Hotel magnate Barron Hilton, an original owner of the NFL team — Los Angeles Chargers, died at his home in Los Angeles, his family announced on Sept. 20.
He was 91 and died of natural causes Thursday, the Conrad N. Hilton Foundation said.
His son, Steven M. Hilton, who serves as chairman of the board at the Hilton Foundation, said the family is mourning the loss of a remarkable man.
“My father was a loving husband to our mother, Marilyn, a wonderful role model to his eight children, a loyal and generous friend, visionary businessman, respected leader and a passionate sportsman. He lived a life of great adventure and exceptional accomplishment.”
His granddaughter, Paris Hilton, said she has always looked up to him.

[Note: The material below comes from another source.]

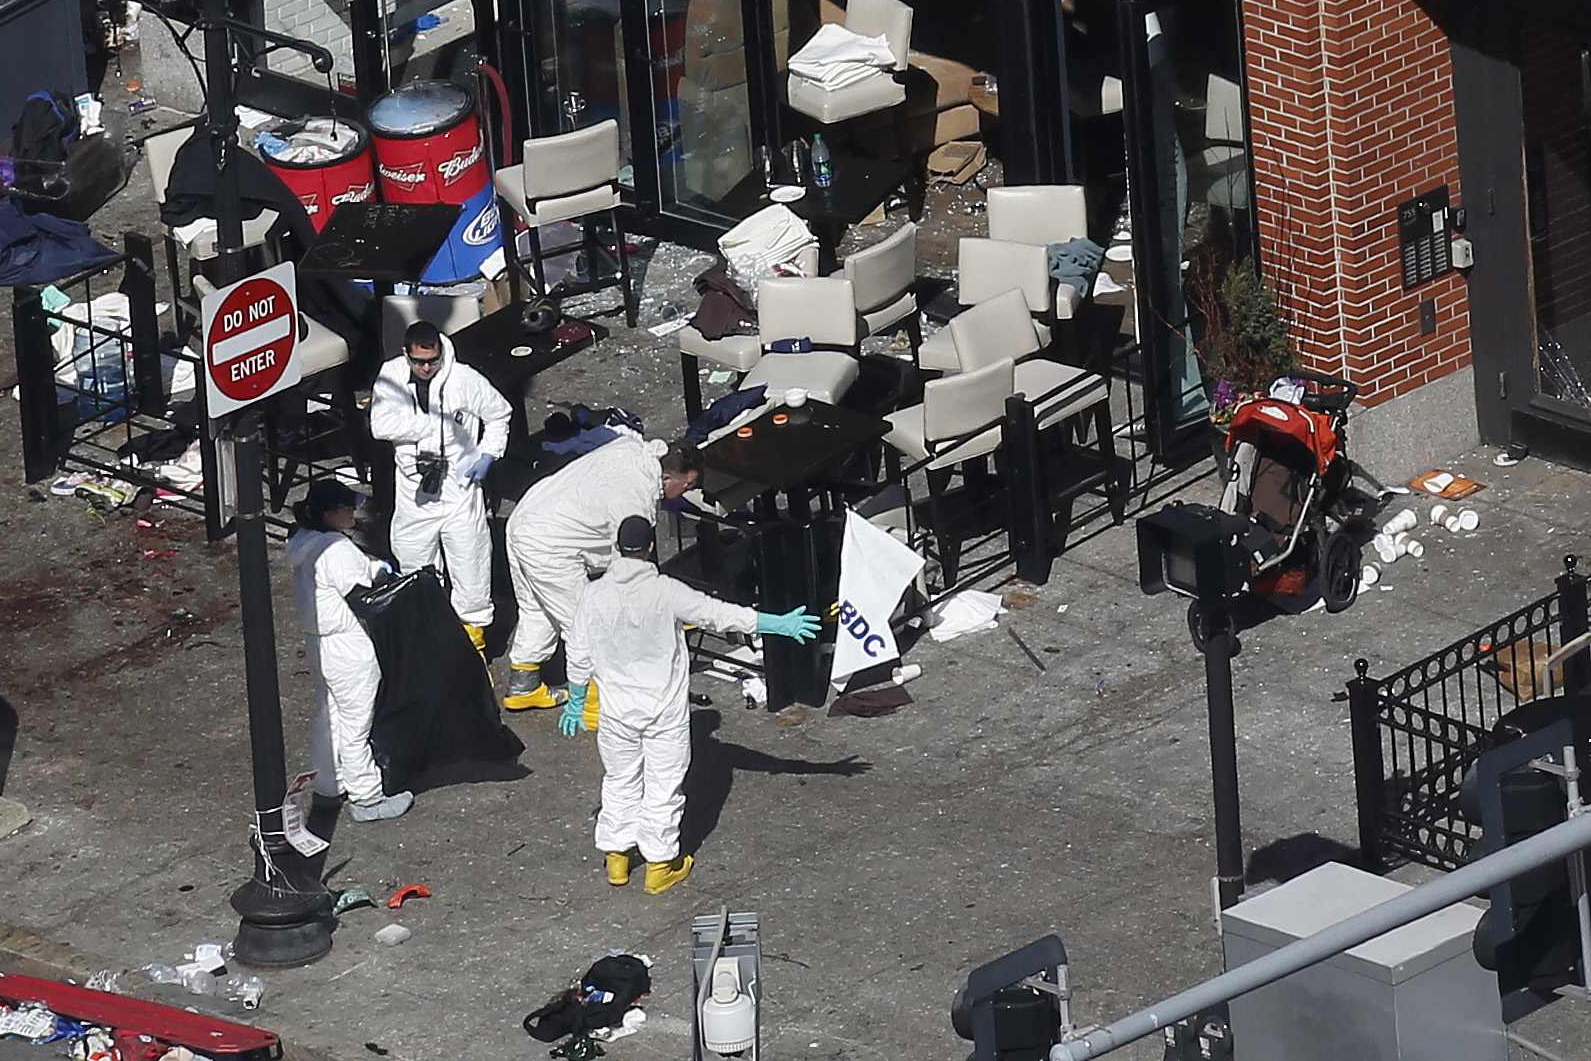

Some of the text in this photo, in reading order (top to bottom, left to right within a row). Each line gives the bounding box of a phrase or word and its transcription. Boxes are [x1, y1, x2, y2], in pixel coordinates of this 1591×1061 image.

I feel so grateful to have had such an incredible mentor. I always wanted to make him proud. The last conversation we had a few days ago I told him how much of an impact he had on my life. His spirit, heart and legacy will live on in me. pic.twitter.com/IXbXR9cXmO
— Paris Hilton (@ParisHilton) September 20, 2019
“I am deeply saddened by the loss of my grandfather Barron Hilton,” she tweeted. ” He was a legend, a visionary, brilliant, handsome, kind and lived a life full of accomplishment and adventure.”
During their final conversation, which Paris said took place just days ago, she said she got to tell him “how much of an impact he had on my life.”
She concluded her post that “his spirit, heart and legacy will live on in me.”
‘Without Barron, There Would Be No Chargers’
In the late 1950s, he was approached by American Football League pioneers Lamar Hunt and Bud Adams about owning a franchise, and Hilton founded the Los Angeles Chargers in 1959. The team moved to San Diego after one season and appeared in five of the first six AFL title games, winning one.
Hilton sold a controlling interest in the Chargers to Gene Klein in 1966 for $10 million.
In a statement, the Chargers NFL team he helped found said it would not be in existence without him.
“Simply put, the modern NFL would not be what it is today without the vision of Barron Hilton,” said Dean Spanos, who now owns the Chargers franchise. “A founding father and charter member of the upstart AFL’s sarcastically self-dubbed ‘Foolish Club,’ Barron was a pioneering leader, risk-taking entrepreneur, prolific philanthropist, devoted family man and, of course, anything but foolish. … It seems fitting that we celebrate a life extraordinarily well-lived the same year as we recognize the Chargers 60th anniversary season since, without Barron, there would be no Chargers.”
Statement on the passing of founding Chargers owner Barron Hilton pic.twitter.com/ZmRqjj6NRQ
— Los Angeles Chargers (@Chargers) September 20, 2019
Hilton spent two decades as an entrepreneur before succeeding his father as president of the board of Hilton Hotels Corp. in 1966.
Even after he retired in 1996, he remained chairman of the board as his successor focused on mergers and acquisitions, according to the Conrad N. Hilton Foundation website.
Hilton Hotels said in a statement “today the world of hospitality mourns for one of the greats.”
“Barron Hilton was an incredible family man, business leader and philanthropist. From his leadership of our company for more than three decades, to the transformative work he led with the Conrad N. Hilton Foundation for many years, Barron was a man unlike any other,” Hilton Hotels’ current president and CEO, Christopher J. Nassetta, said in a statement.
In 2007, CNN reported that Barron Hilton will pass on the $1.2 billion windfall from the sale of Hilton Hotels Corp. — not to his famous progeny, but to his family’s philanthropic foundation. His family said he committed 97% of his wealth to the foundation’s humanitarian work.
The CNN Wire and Reuters contributed to this report.